Coração Templário

 

Abril – 1310

Reims, França

Olá, minha querida.

Escrevo-te esta carta com o propósito de deixar manifesto tudo aquilo que suas suspeitas já sussurravam; sinto lhe dizer, mas estou indo embora.

A mudança de vida também deixa sequelas. Sei que percebestes isso. Acredito que tenha ficado evidente no vazio do meu olhar, no universo entre nossos assuntos. Quem se acostuma a uma vida corrida e dificultosa, demora um pouco a relaxar. Os primeiros dias são de desencaixes notáveis, como um peixe veloz batendo a cabeça no vidro de um jarro, ou como alguém que acabou de ficar rico, mas sofre de insônia a noite com as memórias da labuta.

A ociosidade é um espírito gordo, que se alimenta dos fatos da pesada rotina. Nos dias de descanso, ele se deita sobre nossos corpos e hiberna. Os mais sensíveis sentem o peso espiritual estalando os ossos. A vontade de encarar o bosque e o sol ou de caminhar sobre a luz da lua, fica sempre em segundo plano. O brilho do olhar que levo no rosto se assemelha ao do soldado que voltou da guerra para os braços da amada. Nada se compara ao calor da esposa, do elo atemporal entre seu corpo nu e os lençóis. Nada se compara a vê-la desfilar pela casa usando apenas o casaco da farda, ou de receber suas doces carícias sobre cada cicatriz de peleja. Todavia lhe digo, querida, que como todo bom soldado, carrego meus traumas de guerra. Todas as noites, eles assaltam meu espírito e o deixam novamente nos campos de batalhas, em todos os sonhos, em tudo aquilo que faço.

Não posso e não vou lhe enganar: é bom estar com você.

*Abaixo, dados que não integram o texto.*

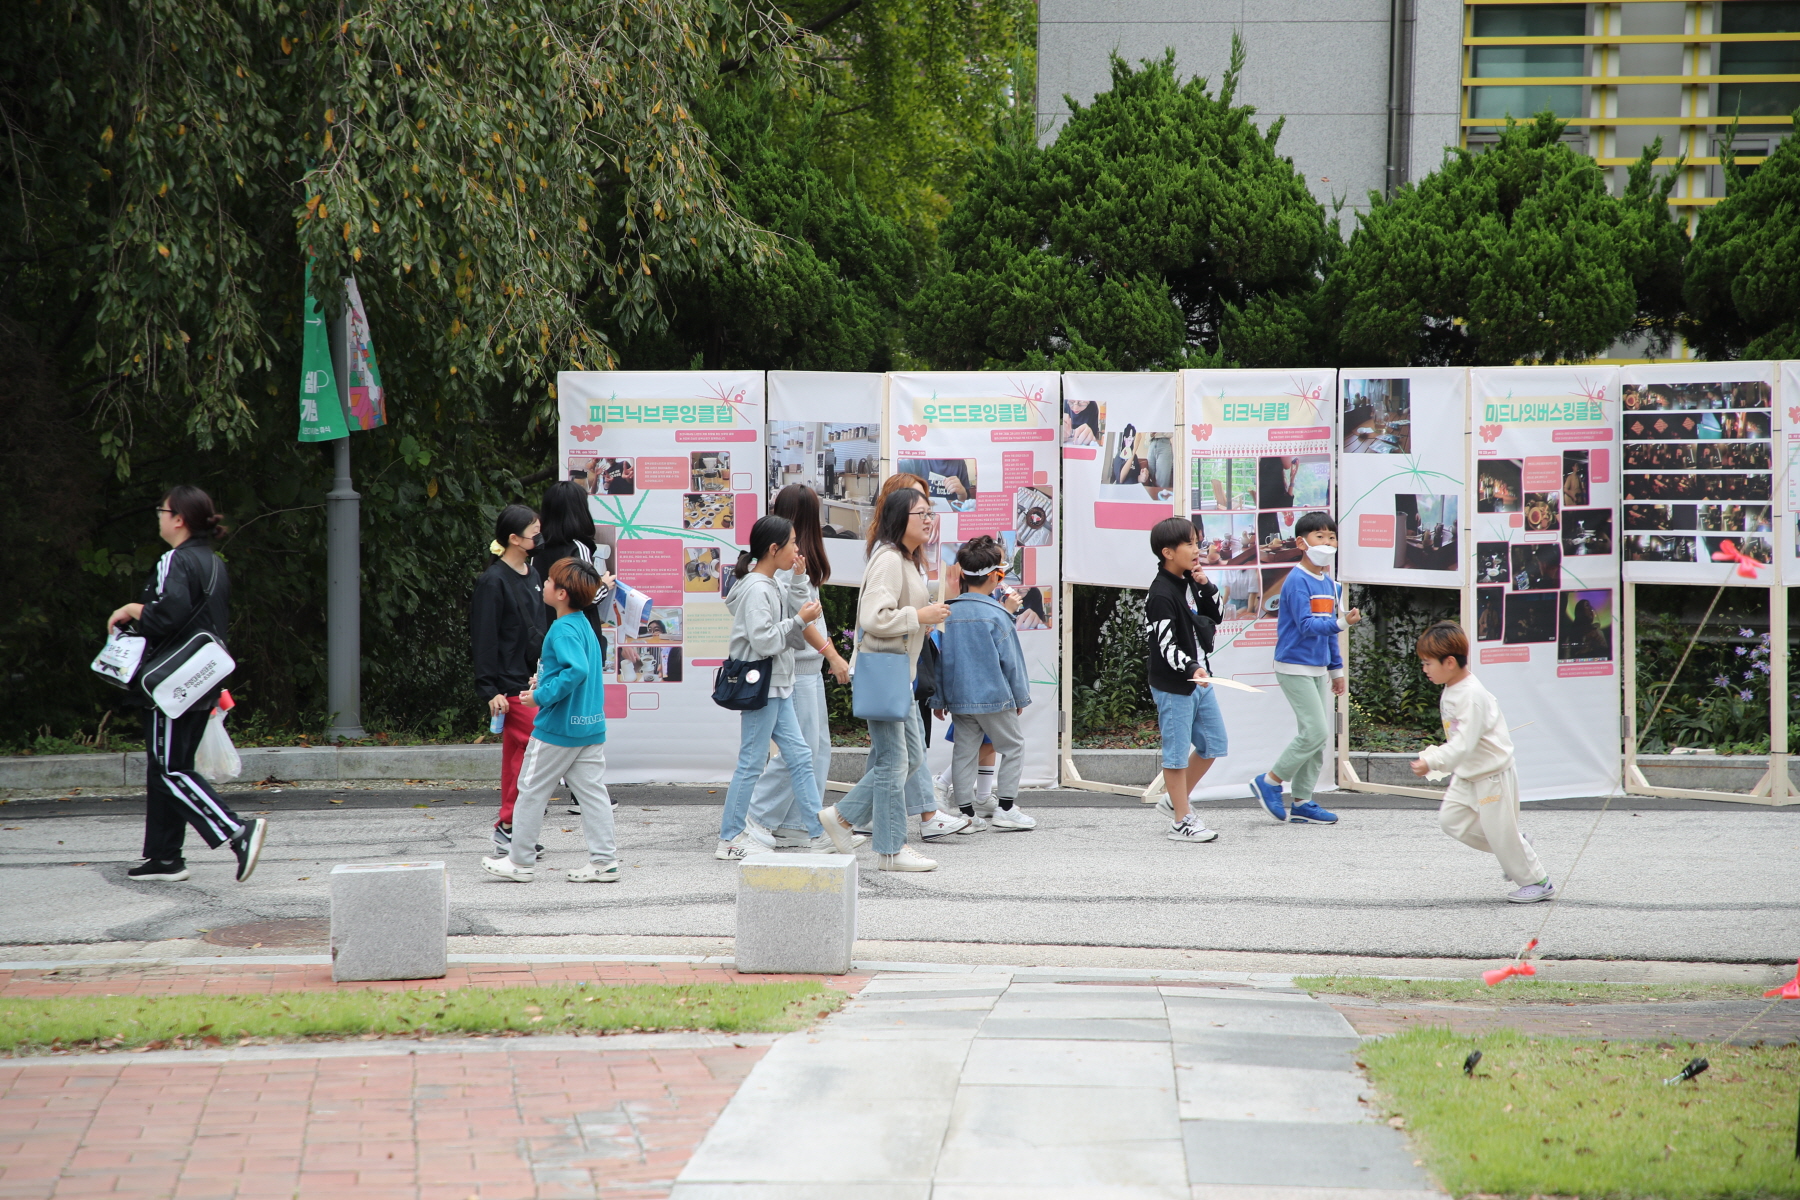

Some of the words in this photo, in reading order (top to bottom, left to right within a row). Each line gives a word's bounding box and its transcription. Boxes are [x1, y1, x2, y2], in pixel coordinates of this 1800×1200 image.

[589, 405, 733, 424] 피크닉브루잉클럽
[923, 404, 1028, 423] 우드드로잉클럽
[1223, 402, 1290, 422] 티크닉클럽
[1485, 401, 1603, 423] 미드나잇버스킹클럽

É maravilhoso passar os dias ao seu lado, mas sinto falta do homem que fui. E mais do que isso – cada centímetro do meu ser demonstra, dia a dia, o quanto está atrofiado, nessa falsa adaptação do inadaptável. Vivo afirmando contradições, uma paralaxe simétrica, um cachorro brincando de ser gato. A covardia me devora, sinto os ventos zombando de mim tanto quanto os fantasmas dos meus amigos e irmãos já levados pelo destino.

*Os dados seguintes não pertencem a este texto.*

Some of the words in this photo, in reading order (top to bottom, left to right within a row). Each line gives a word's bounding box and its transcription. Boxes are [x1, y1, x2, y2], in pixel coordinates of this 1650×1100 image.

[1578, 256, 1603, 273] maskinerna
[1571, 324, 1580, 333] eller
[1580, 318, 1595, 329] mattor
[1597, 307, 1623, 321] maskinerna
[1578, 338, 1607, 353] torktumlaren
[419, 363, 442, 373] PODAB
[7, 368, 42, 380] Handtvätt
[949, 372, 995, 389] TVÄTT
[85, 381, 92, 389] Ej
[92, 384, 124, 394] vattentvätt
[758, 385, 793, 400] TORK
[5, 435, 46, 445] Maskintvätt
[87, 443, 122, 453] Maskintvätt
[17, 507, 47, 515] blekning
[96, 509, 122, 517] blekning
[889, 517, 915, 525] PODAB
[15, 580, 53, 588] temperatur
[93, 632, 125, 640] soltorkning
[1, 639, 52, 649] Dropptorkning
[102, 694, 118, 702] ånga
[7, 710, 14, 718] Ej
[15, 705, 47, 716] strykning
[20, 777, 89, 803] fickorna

Peço que me perdoe por tudo. Não hoje, não amanhã, mas no dia em que seu coração analisar e aceitar minhas angústias com um pouco mais de carinho. Não nasci para ser agricultor, não corresponderei as expectativas do seu pai, não conseguirei lhe dar um filho. Sou uma alma preparada, amolada e alocada no mundo dos mortais para seguir um único propósito: servir a Santa Igreja. E se ela deduziu que meus atos por amor a Ordem foram pecaminosos, então devo pagar por isso. Meus demônios devem ser encarados com honra! Do contrário, de nada valerá minha vida.

Obrigado pelo tempo que passou ao meu lado. Como padre, nunca desfrutara antes o sabor de uma mulher. Não há prazer igual no mundo e, ao mesmo tempo, sinto que todos os prazeres estão combinados em cada um de teus gestos e toques. Você adiantou meu paraíso, lembrarei do seu sorriso quando estiver sendo humilhado e queimado nas chamas da praça de Paris.

Te espero na próxima vida, querida Elisabete. Vou na frente para garantir que no céu, haja um lugar aconchegado pra ti, com todos os damascos que não se podem contar.

Sempre estarei ao seu lado. Eu te amo.